Our next destination was one that was on a remote stretch of highway and off the main road a few miles. Jim’s notes indicated that it was “a fair piece north of Pioche.” As we passed the cut-off for Pioche, I noticed a very large sign that said, “No Services For 113 Miles.”  Surely our intended camping spot “a fair piece north” was closer than 113 miles?! Exercising good judgment, Jim flipped a u-turn and we took the turn-off to find those promised services, just to be on the safe side.

The road up into Pioche was very steep and curvy and when we finally got to the top, there were no gas stations immediately in sight and no signs advertising any. I looked to the left and thought I saw a Sinclair but the main street seemed to keep to the right so we took what looked to be the main drag down through the heart of the little town. What we discovered were the remnants of an old mining town with historic buildings lining the street and mining implements in all the grassy areas. But no gas. So, we turned around and went back up to the side street and found the station only to see that it was closed! But…our credit card still worked and we were able to fuel up. Phewww!

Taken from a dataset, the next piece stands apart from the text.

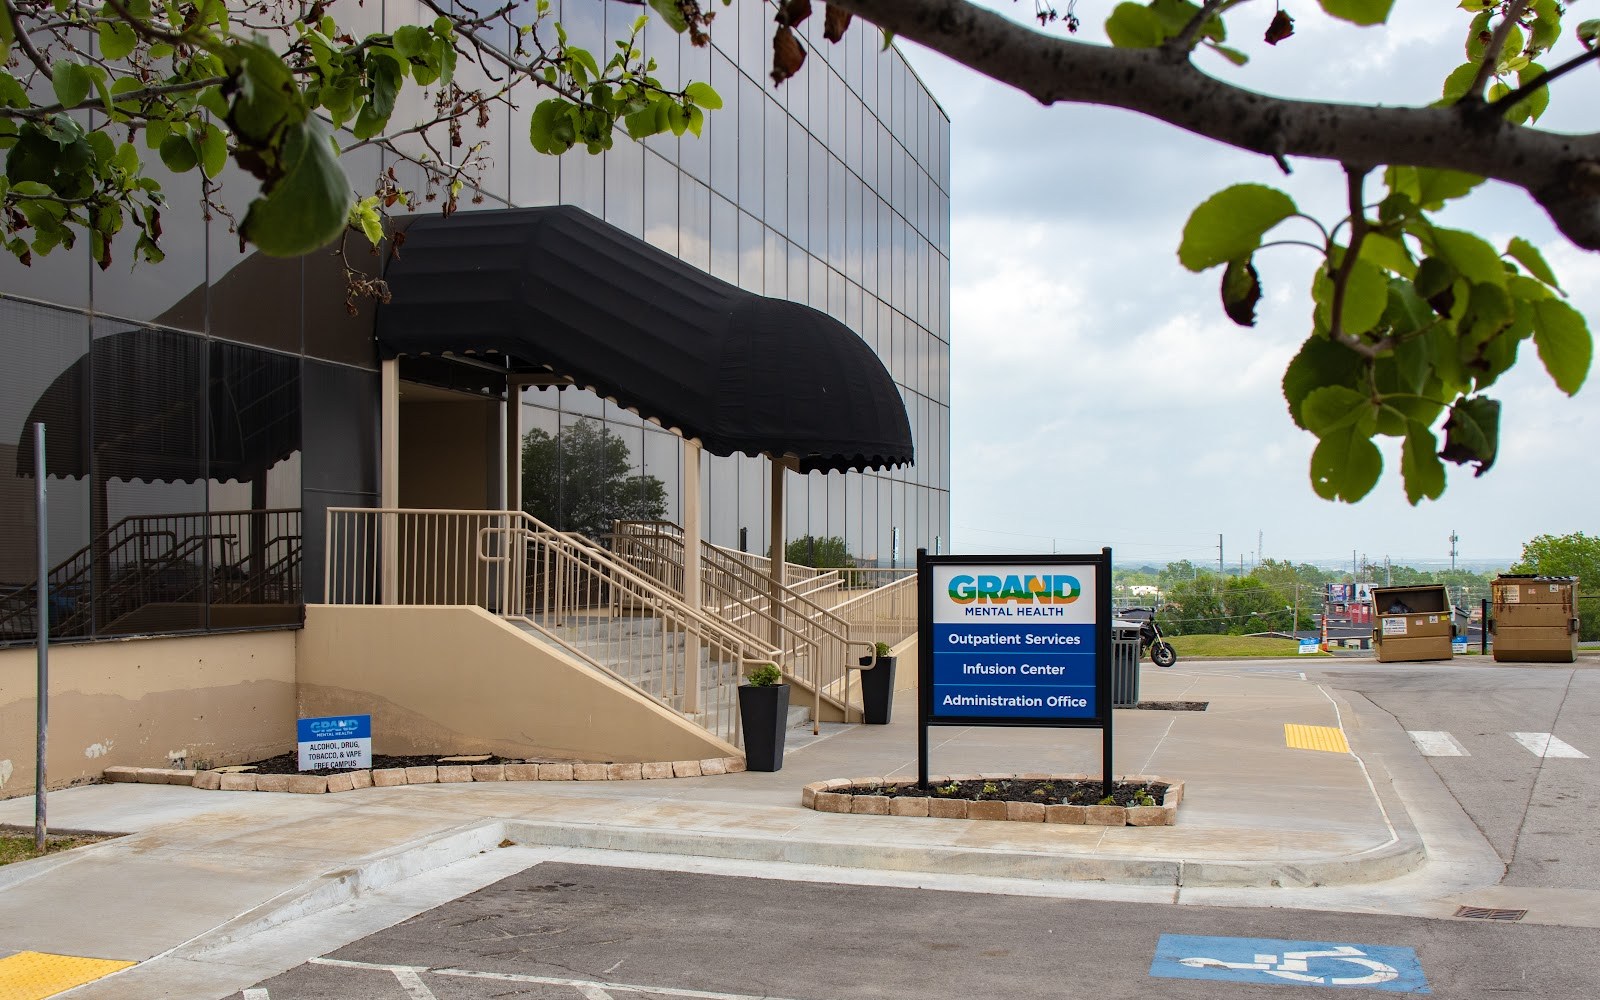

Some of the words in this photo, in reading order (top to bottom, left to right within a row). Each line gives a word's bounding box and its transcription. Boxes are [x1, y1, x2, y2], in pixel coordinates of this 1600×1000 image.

While winding our way back through town toward the highway, we came across a small RV park with a sign that indicated it was free. There was no electricity but there was water, sewer hook-ups and garbage cans, which is much more than we usually have.  (Apparently, if you want *full* hookups, you can go “uptown”.)  Since it was already late afternoon and we didn’t know exactly how far away our intended destination was, we decided it would suit us just fine for the night. But it might be time to pull out our heavier coats.

I took a couple of pictures of an historic locomotive in a nearby park but they seemed to have disappeared. And, sadly, we didn’t go back into town to get photos of the cool old stuff. This little town has quite a colorful history and you may find it interesting to look up online.


With our water tank full and grey and black water empty, we left Pioche and headed to Sacramento Pass Recreation Area off of Hwy. 50 about 48 miles east of Ely, Nevada. (For the record, even though Hwy. 50 has been dubbed “the loneliest highway in America”,  it wasn’t any lonelier than the other ones we had been on all day.) We found the BLM campground and it is beautiful. We opted to go to the upper level where there is equestrian camping accommodations. The view of the snow covered mountains was spectacular. Even the architecture of the picnic shelter was notable.

Much to our delight, once again we found hiking trails. The main trail was a 2.5-mile loop. This one proved to be a little more challenging than expected due to the elevation. At the highest point, my GPS indicated 6,900 feet. And was that a snowball Jim was hiding in his hand?!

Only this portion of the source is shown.